Кочевые ариаалы с СДВГ, судя по всему, лучше приспособлены процветать в бурных условиях своей жизни, тогда как оседлым ариаалам СДВГ – помеха во многих сельскохозяйственных делах, где требуется сосредоточенность. Во всем этом есть для нас мораль. Всего пару десятилетий назад наше общество походило на оседлых ариаалов, и СДВГ только мешал. Зато в сегодняшние бурные времена мы больше похожи на кочевых ариаалов, а потому СДВГ может оказаться полезным.
СДВГ в общем и целом – особенность недозрелого ума, и когда дети взрослеют, они обычно вырастают и из СДВГ. Но есть у нас этот синдром или нет его, мы все наделены большей или меньшей склонностью исследовать или использовать, скитаться или сосредоточиваться. Исследователь-теоретик трудовой занятости Майкл Кёртон опередил свое время, когда в 1970-е годы запечатлел как раз это различие в своей теории стилей мышления – теории адаптеров и новаторов[76].
Кёртон описывал адаптеров как личностей сосредоточенных, но негибких: они «предпочитают все делать лучше, применяя испытанные старые методы». Такие люди обычно благоразумны и осторожны, словно бы неуязвимы для скуки. Они могут казаться «душными и не предприимчивыми, влюбленными в системы и правила, – писал Кёртон. – Новаторы же – мыслители эластичные, им нравится искать новые подходы к задачам. Зачастую их легко отвлечь, они плохо управляют своим временем и предлагают менее знакомые и иногда менее приемлемые решения, которые в корпоративном мире нередко наталкиваются на сопротивление. Такие люди могут казаться и грубиянами, даже друг другу».

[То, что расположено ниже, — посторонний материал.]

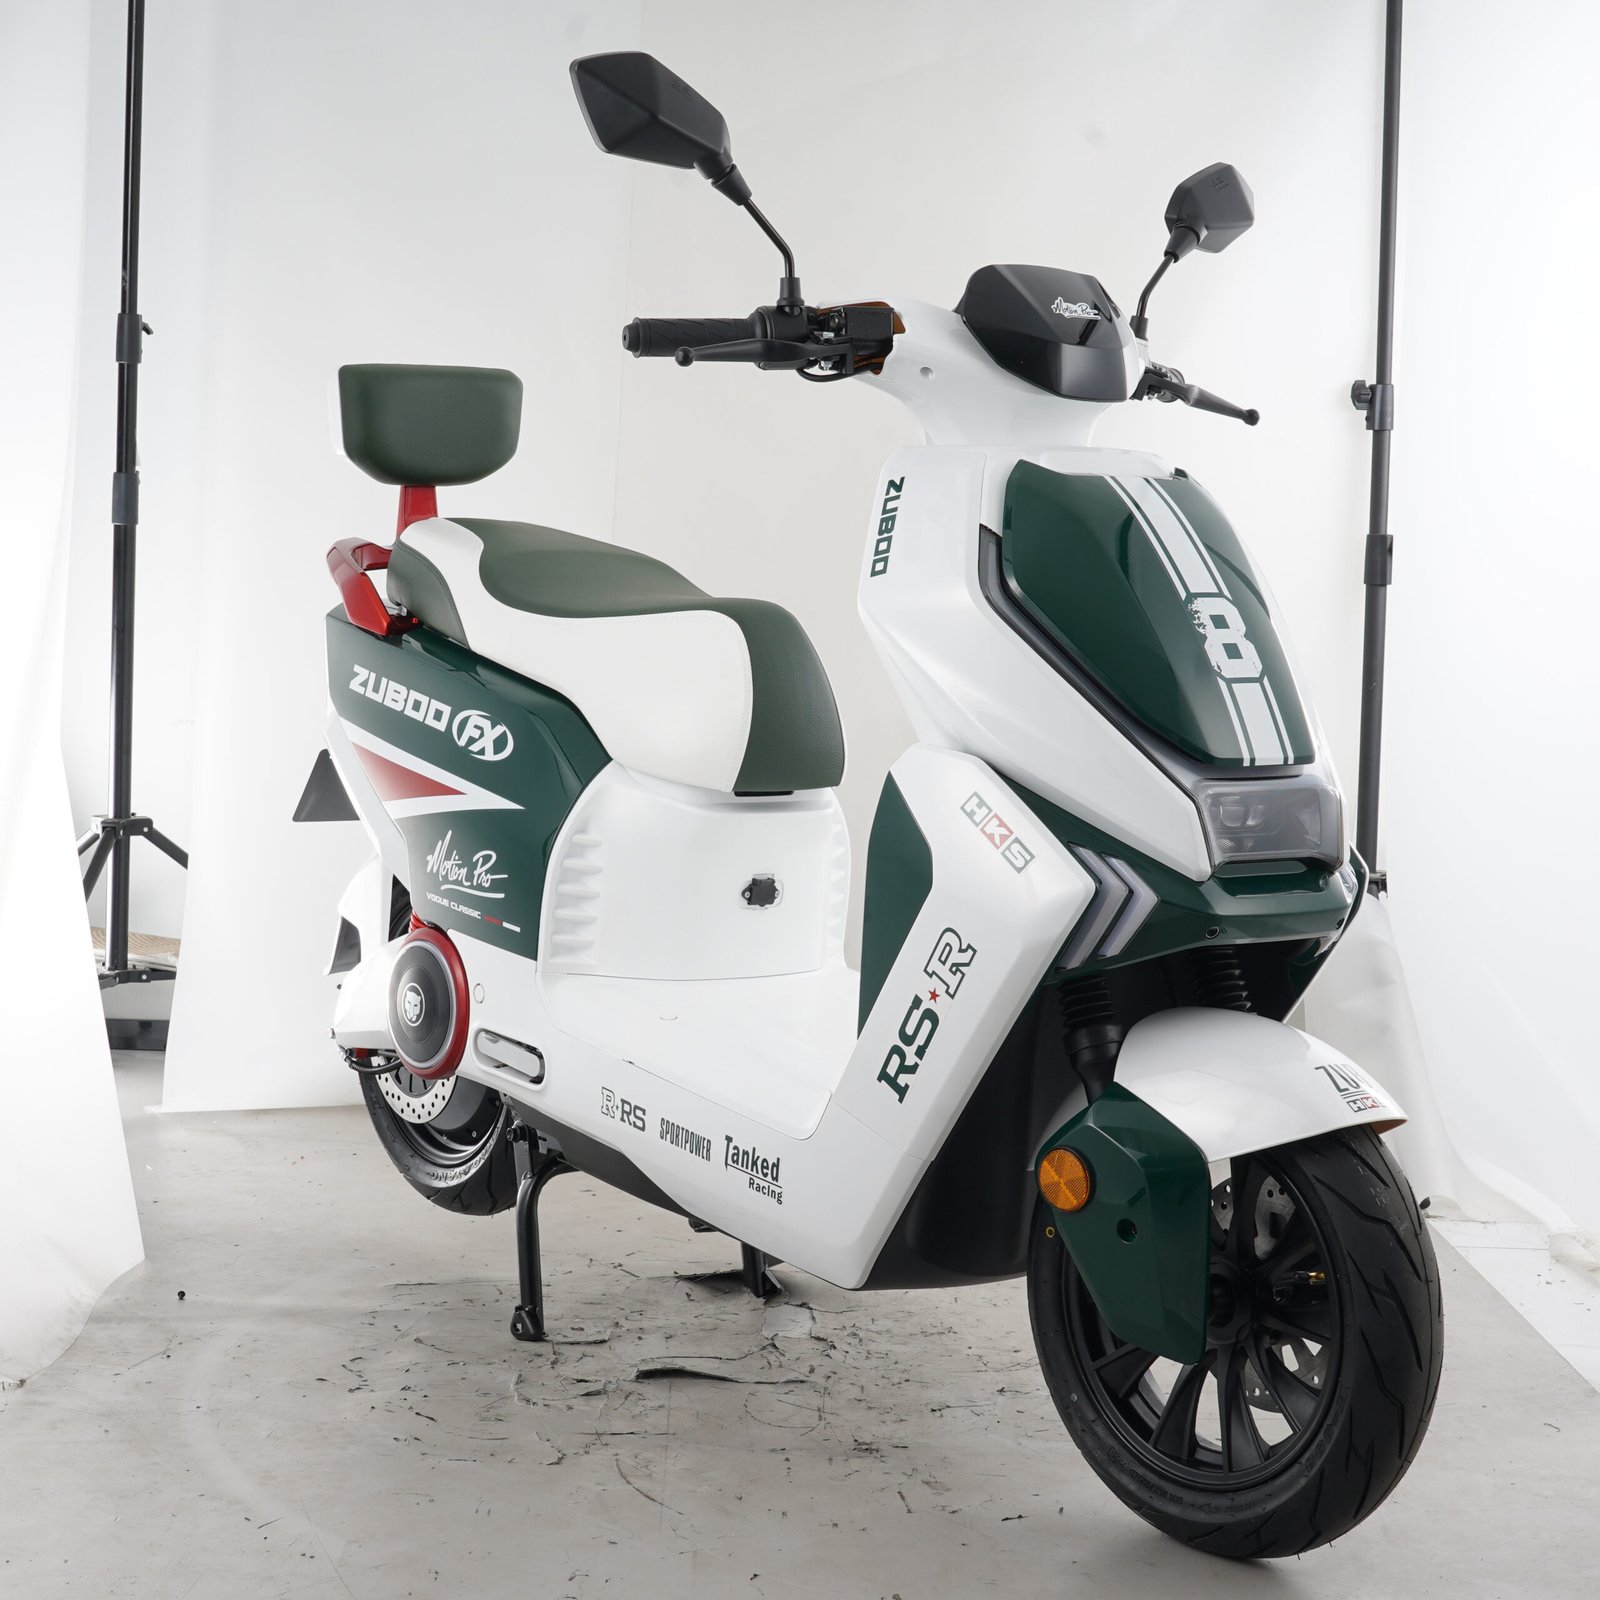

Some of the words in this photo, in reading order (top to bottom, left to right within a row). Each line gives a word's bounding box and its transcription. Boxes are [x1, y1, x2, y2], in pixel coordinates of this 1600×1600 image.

У любого из нас может быть свое предпочтение того или иного типа мышления, но коммерческим компаниям нужны и те, и другие мыслители, и в компаниях, где подходящее равновесие не найдено, считал Кёртон, жди неприятностей. Не исключено, что это верно и для наших личных отношений: личность на одном конце Кёртонова спектра нередко лучше всего сочетается с человеком с другого конца. Принимая особенности друг друга, любитель правил и их нарушитель способны уравновешивать друг друга со взаимной пользой, но вовсе не обязательно с изъянами обеих личностей.
Удовольствие постижения
Вообразите вот какой сценарий многомиллионолетней давности: примитивный человек вида Homo habilis [человек умелый], предшественник Homo erectus, борется с каким-нибудь некрупным животным, но тут налетает на острый камень и рассекает себе кожу. Поборов свою добычу, он уже вознамеривается впиться зубами в тугую плоть, и тут в уме у него возникает ассоциация: острый камень порвал мне кожу – я хочу порвать шкуру этого животного – тут можно применить острый камень. За миллионы лет существования Homo habilis тот грубый каменный резак – единственное его оригинальное творение.

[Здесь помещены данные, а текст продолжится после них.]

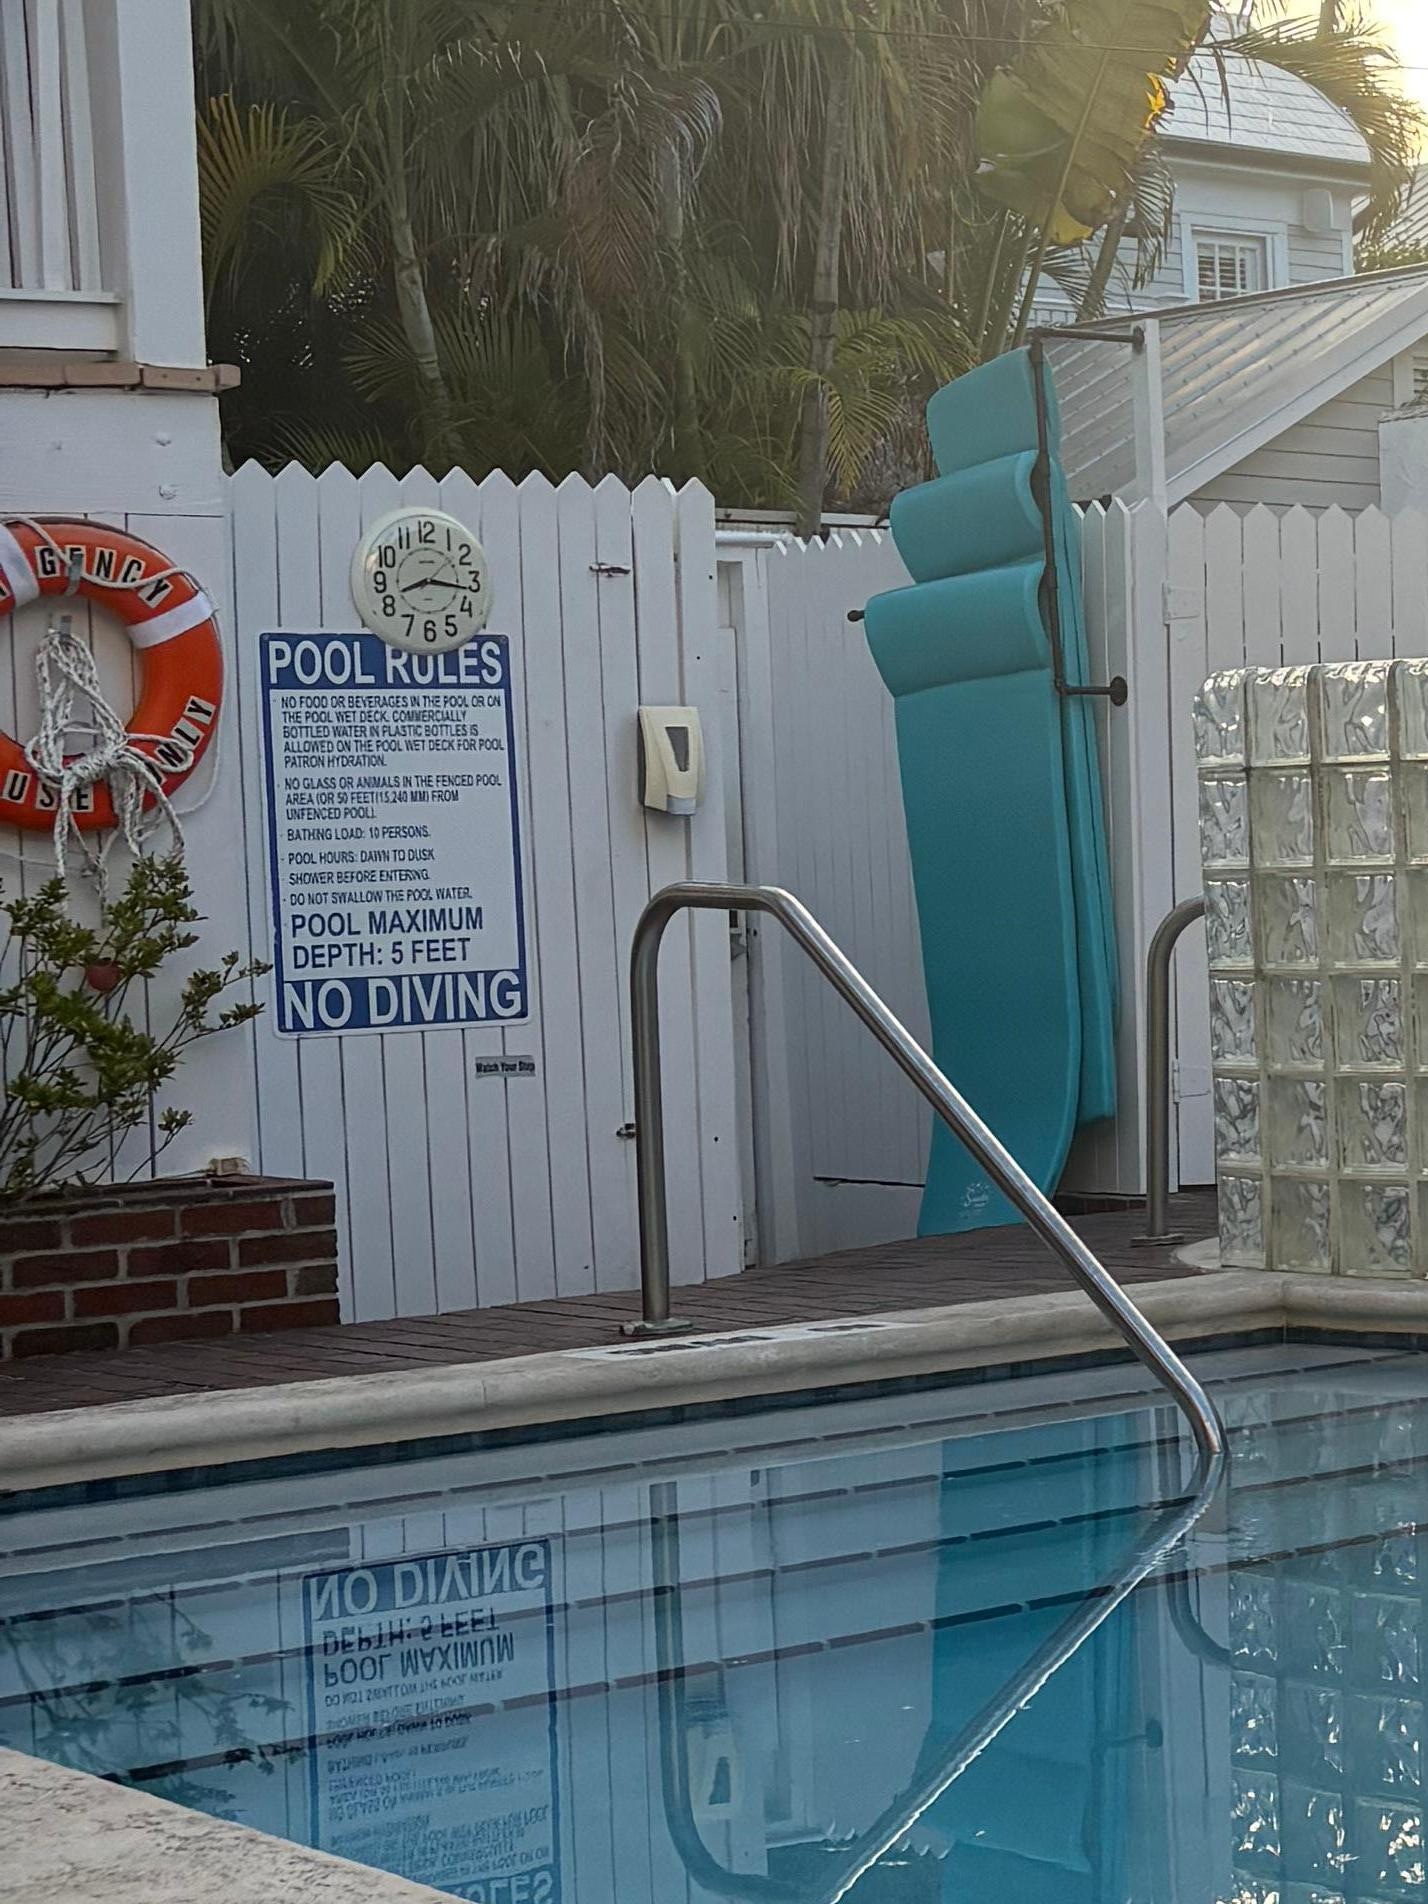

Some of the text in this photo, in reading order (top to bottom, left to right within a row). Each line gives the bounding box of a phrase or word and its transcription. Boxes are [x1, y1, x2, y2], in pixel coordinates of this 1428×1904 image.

[398, 526, 410, 549] 11
[418, 520, 436, 544] 12
[378, 544, 396, 568] 10
[458, 543, 472, 566] 2
[373, 570, 387, 594] 9
[468, 570, 481, 593] 3
[382, 594, 396, 617] 8
[459, 595, 473, 618] 4
[401, 614, 415, 637] 7
[423, 619, 437, 642] 6
[444, 614, 458, 637] 5
[268, 640, 502, 685] POOL RULES
[281, 695, 501, 708] NO FOOD OR BEVERAGES IN THE POOL OR ON
[283, 711, 302, 723] THE
[305, 711, 333, 723] POOL
[334, 711, 357, 723] WET
[392, 710, 467, 722] COMMERCIALLY
[283, 724, 479, 738] BOTTLED WATER IN PLASTIC BOTTLES IS
[284, 738, 505, 753] ALLOWED ON THE POOL WET DECK FOR POOL
[285, 755, 325, 768] PATRON
[285, 774, 502, 790] NO GLASS OR ANIMALS IN THE FENCED POOL
[286, 792, 315, 805] AREA
[316, 792, 335, 805] (OR
[432, 790, 459, 802] FROM
[286, 807, 341, 820] UNFENCED
[287, 828, 333, 841] BATHING
[369, 827, 380, 839] 10
[288, 852, 317, 865] POOL
[360, 850, 390, 863] DAWN
[392, 849, 406, 862] TO
[408, 848, 435, 861] DUSK
[289, 872, 335, 885] SHOWER
[337, 870, 377, 883] BEFORE
[290, 893, 305, 906] DO
[307, 892, 328, 905] NOT
[331, 890, 383, 904] SWALLOW
[384, 889, 404, 902] THE
[406, 888, 433, 901] POOL
[291, 906, 483, 938] POOL MAXIMUM
[293, 937, 471, 969] DEPTH: 5 FEET
[284, 970, 522, 1030] NO DIVING

Промотаем миллион с половиной лет вперед. Начало 1990-х, Джерри Хёршберг, президент калифорнийской дизайнерской студии компании «Ниссан», возится с дизайном новой модели – «Ниссана-Квест». Как-то раз, ведя автомобиль по дороге, он замечает на обочине парочку, пытающуюся разложить заднее сиденье в микроавтобусе компании-конкурента, чтобы можно было засунуть в машину диван. В голову Хёршбергу тут же приходит мысль: оборудовать автомобиль полозьями, чтобы водитель мог сложить заднее сиденье и катнуть его вперед, тем самым освободив место. Так возникла одна из самых знаменитых особенностей дизайна в «Ниссане-Квест»[77].

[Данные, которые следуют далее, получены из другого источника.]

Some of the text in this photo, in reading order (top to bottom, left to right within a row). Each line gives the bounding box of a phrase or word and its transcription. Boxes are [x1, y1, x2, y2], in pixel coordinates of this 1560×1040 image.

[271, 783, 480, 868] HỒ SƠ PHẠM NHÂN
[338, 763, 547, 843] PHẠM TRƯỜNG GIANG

Оба изобретения – результат ассоциации, вылепленной мозгом между двумя вроде бы не связанными друг с другом идеями. Разные эпохи, разные биологические виды, а механизм открытия – один и тот же. В природе различные атомы сталкиваются и сочетаются, при этом возникают молекулы со свойствами, не похожими на свойства атомов, из которых эти молекулы состоят. У нас в уме одна нейронная сеть мозга перекрывается с другой и активирует ее, и мы соединяем очень разные понятия и наблюдения и так получаем новые. И хотя оригинальное мышление в искусстве, науке, предпринимательстве и личной жизни имеет непохожие цели и контекст, на уровне работы нейронных сетей все эти мыслительные режимы возникают из стыковки у нас в мозге разных понятий.
Умственный инструментарий, каким мы пользуемся для решения деловых задач – или когда приспосабливаемся к меняющимся условиям в собственной личной жизни, – тот же, какой мы применяем для исследования или создания новых произведений искусства, музыки или теорий в науке. Не менее важно и то, что мыслительные процессы, посредством которых мы создаем то, что считается великими произведениями искусства и науки, фундаментально не отличаются от тех, какими мы творим работы неудачные.